Prompt: When the records are reproduced, each one must match exactly, and no picture may be kept.

Spatial localization data:
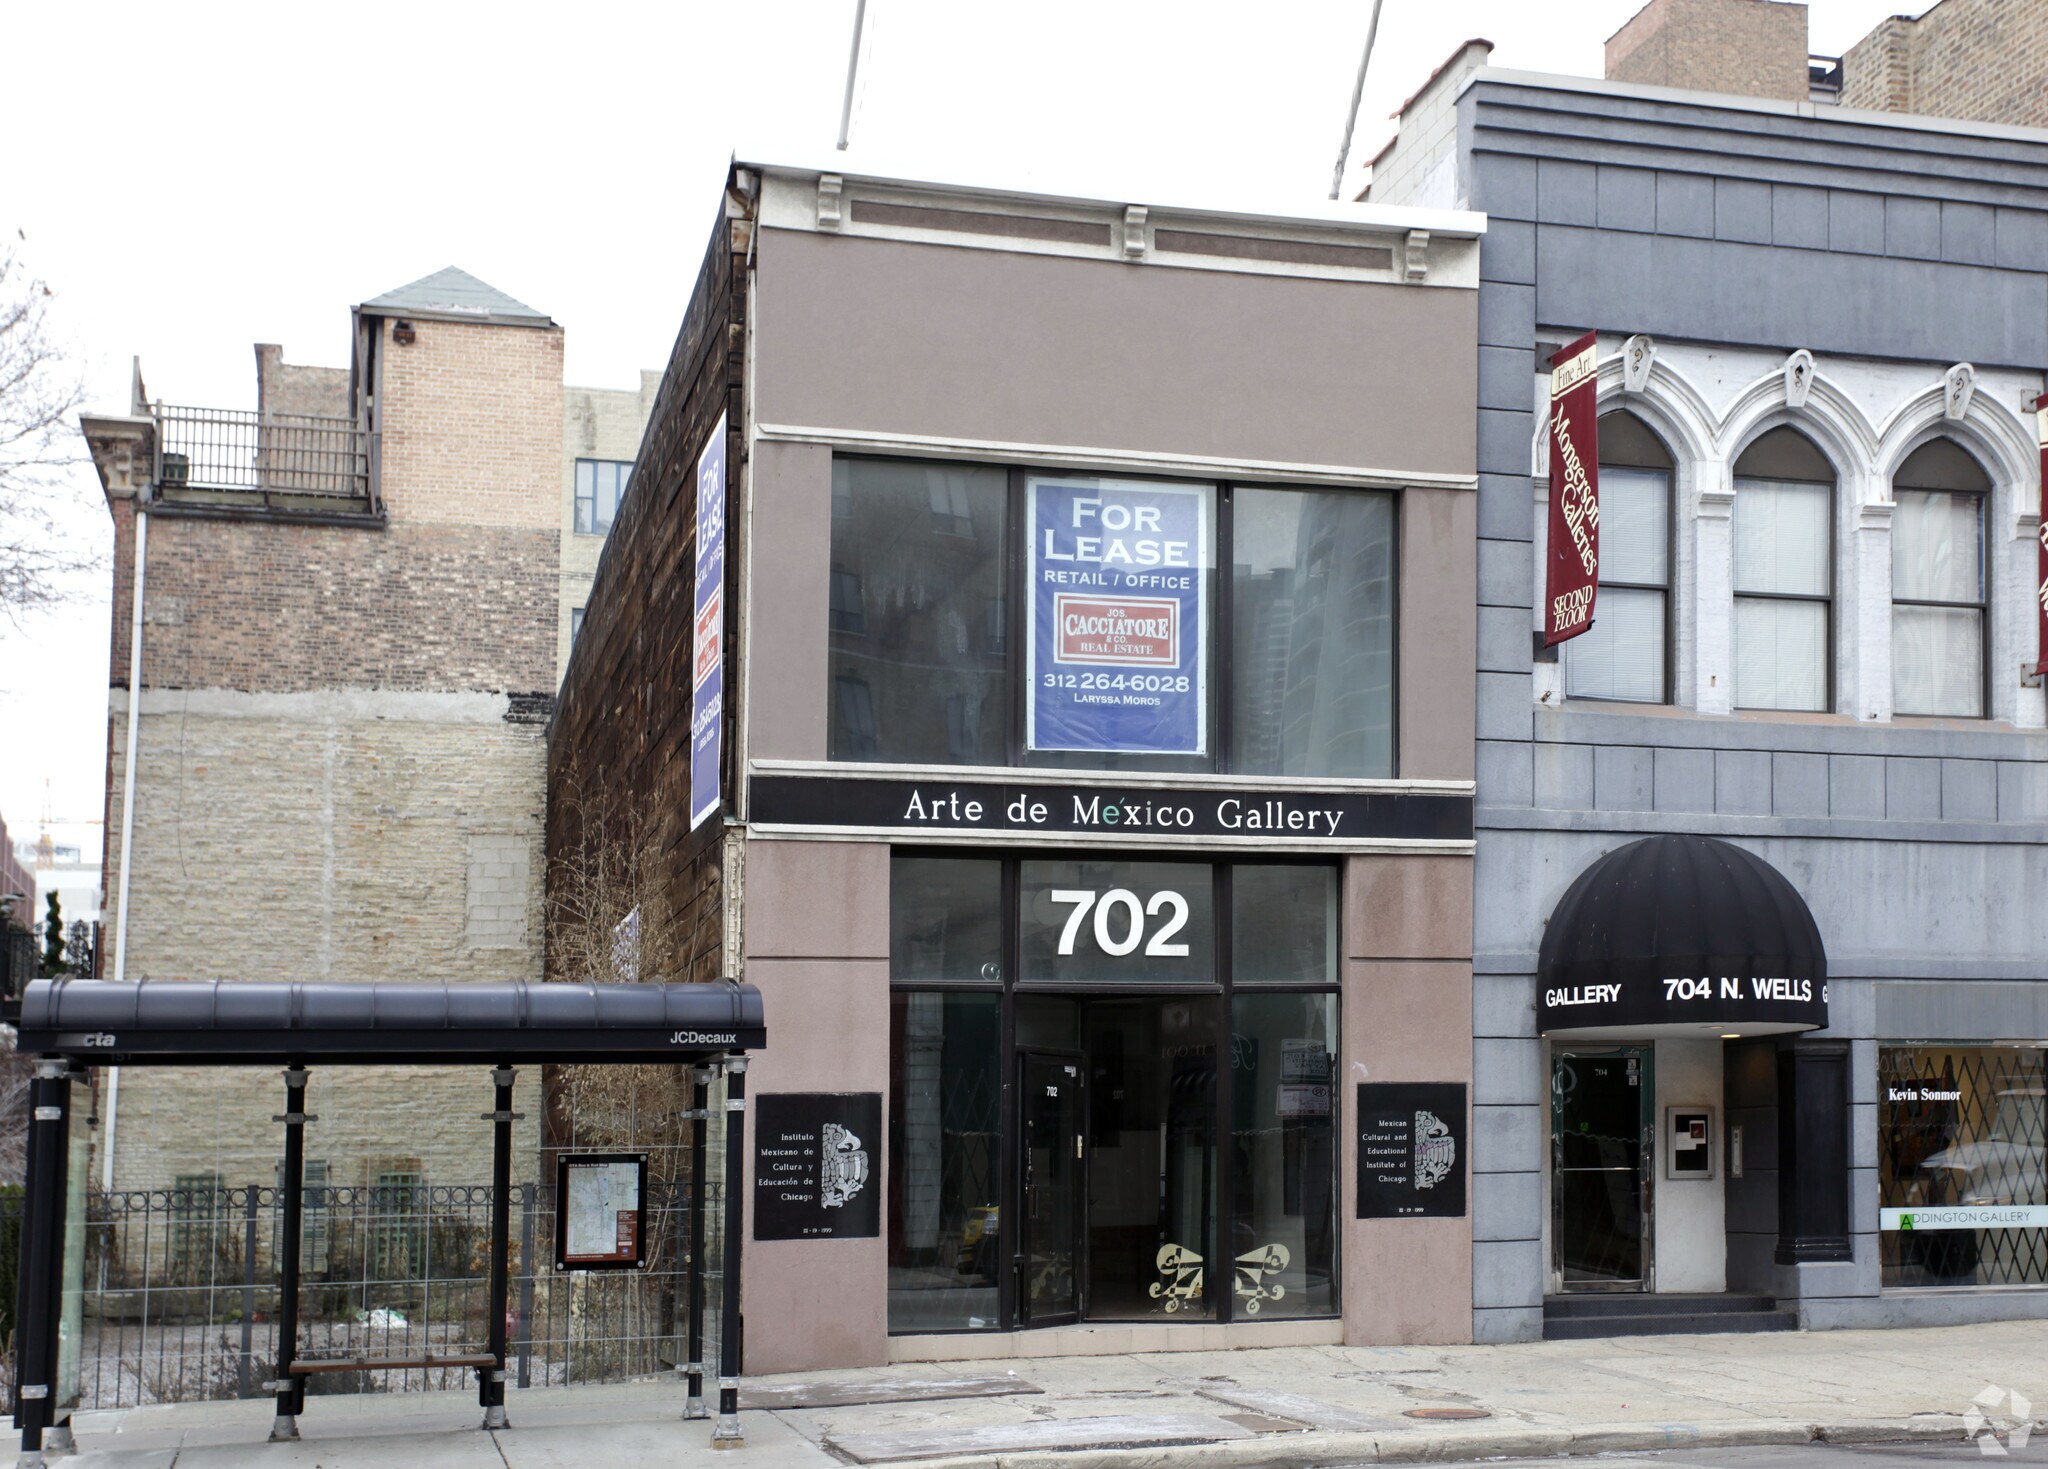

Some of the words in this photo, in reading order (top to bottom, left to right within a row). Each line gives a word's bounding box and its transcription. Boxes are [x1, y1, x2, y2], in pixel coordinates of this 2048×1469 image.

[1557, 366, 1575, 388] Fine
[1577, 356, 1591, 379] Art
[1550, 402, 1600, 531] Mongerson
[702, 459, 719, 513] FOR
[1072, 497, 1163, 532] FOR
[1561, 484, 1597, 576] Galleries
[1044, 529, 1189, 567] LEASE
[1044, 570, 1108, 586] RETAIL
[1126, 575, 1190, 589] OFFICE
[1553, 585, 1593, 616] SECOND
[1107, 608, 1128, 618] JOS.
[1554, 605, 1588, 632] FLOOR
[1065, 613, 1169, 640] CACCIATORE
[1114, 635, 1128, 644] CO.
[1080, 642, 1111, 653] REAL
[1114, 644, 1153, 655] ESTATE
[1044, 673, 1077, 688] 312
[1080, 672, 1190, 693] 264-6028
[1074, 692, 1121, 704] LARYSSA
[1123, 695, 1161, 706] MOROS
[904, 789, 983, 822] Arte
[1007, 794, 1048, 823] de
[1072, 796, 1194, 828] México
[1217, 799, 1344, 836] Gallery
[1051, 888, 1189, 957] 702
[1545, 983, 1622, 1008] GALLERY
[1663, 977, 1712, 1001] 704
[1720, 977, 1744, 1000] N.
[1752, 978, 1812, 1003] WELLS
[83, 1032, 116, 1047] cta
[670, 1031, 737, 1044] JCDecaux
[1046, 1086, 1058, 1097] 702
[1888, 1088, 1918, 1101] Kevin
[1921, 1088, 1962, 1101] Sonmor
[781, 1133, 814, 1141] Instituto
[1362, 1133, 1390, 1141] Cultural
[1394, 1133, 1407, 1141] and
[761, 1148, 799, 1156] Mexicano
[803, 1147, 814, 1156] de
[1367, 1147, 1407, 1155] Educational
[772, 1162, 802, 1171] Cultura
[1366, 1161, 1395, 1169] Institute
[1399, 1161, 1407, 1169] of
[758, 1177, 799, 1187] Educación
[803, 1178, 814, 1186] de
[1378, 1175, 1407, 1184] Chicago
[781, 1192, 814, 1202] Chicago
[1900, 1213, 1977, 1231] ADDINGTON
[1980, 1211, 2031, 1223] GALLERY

The completed task:
Some of the words in this photo, in reading order (top to bottom, left to right within a row). Each line gives a word's bounding box and its transcription. Boxes are [x1, y1, x2, y2], in pixel coordinates of this 2048×1469 image.

[1557, 366, 1575, 388] Fine
[1577, 356, 1591, 379] Art
[1550, 402, 1600, 531] Mongerson
[702, 459, 719, 513] FOR
[1072, 497, 1163, 532] FOR
[1561, 484, 1597, 576] Galleries
[1044, 529, 1189, 567] LEASE
[1044, 570, 1108, 586] RETAIL
[1126, 575, 1190, 589] OFFICE
[1553, 585, 1593, 616] SECOND
[1107, 608, 1128, 618] JOS.
[1554, 605, 1588, 632] FLOOR
[1065, 613, 1169, 640] CACCIATORE
[1114, 635, 1128, 644] CO.
[1080, 642, 1111, 653] REAL
[1114, 644, 1153, 655] ESTATE
[1044, 673, 1077, 688] 312
[1080, 672, 1190, 693] 264-6028
[1074, 692, 1121, 704] LARYSSA
[1123, 695, 1161, 706] MOROS
[904, 789, 983, 822] Arte
[1007, 794, 1048, 823] de
[1072, 796, 1194, 828] México
[1217, 799, 1344, 836] Gallery
[1051, 888, 1189, 957] 702
[1545, 983, 1622, 1008] GALLERY
[1663, 977, 1712, 1001] 704
[1720, 977, 1744, 1000] N.
[1752, 978, 1812, 1003] WELLS
[83, 1032, 116, 1047] cta
[670, 1031, 737, 1044] JCDecaux
[1046, 1086, 1058, 1097] 702
[1888, 1088, 1918, 1101] Kevin
[1921, 1088, 1962, 1101] Sonmor
[781, 1133, 814, 1141] Instituto
[1362, 1133, 1390, 1141] Cultural
[1394, 1133, 1407, 1141] and
[761, 1148, 799, 1156] Mexicano
[803, 1147, 814, 1156] de
[1367, 1147, 1407, 1155] Educational
[772, 1162, 802, 1171] Cultura
[1366, 1161, 1395, 1169] Institute
[1399, 1161, 1407, 1169] of
[758, 1177, 799, 1187] Educación
[803, 1178, 814, 1186] de
[1378, 1175, 1407, 1184] Chicago
[781, 1192, 814, 1202] Chicago
[1900, 1213, 1977, 1231] ADDINGTON
[1980, 1211, 2031, 1223] GALLERY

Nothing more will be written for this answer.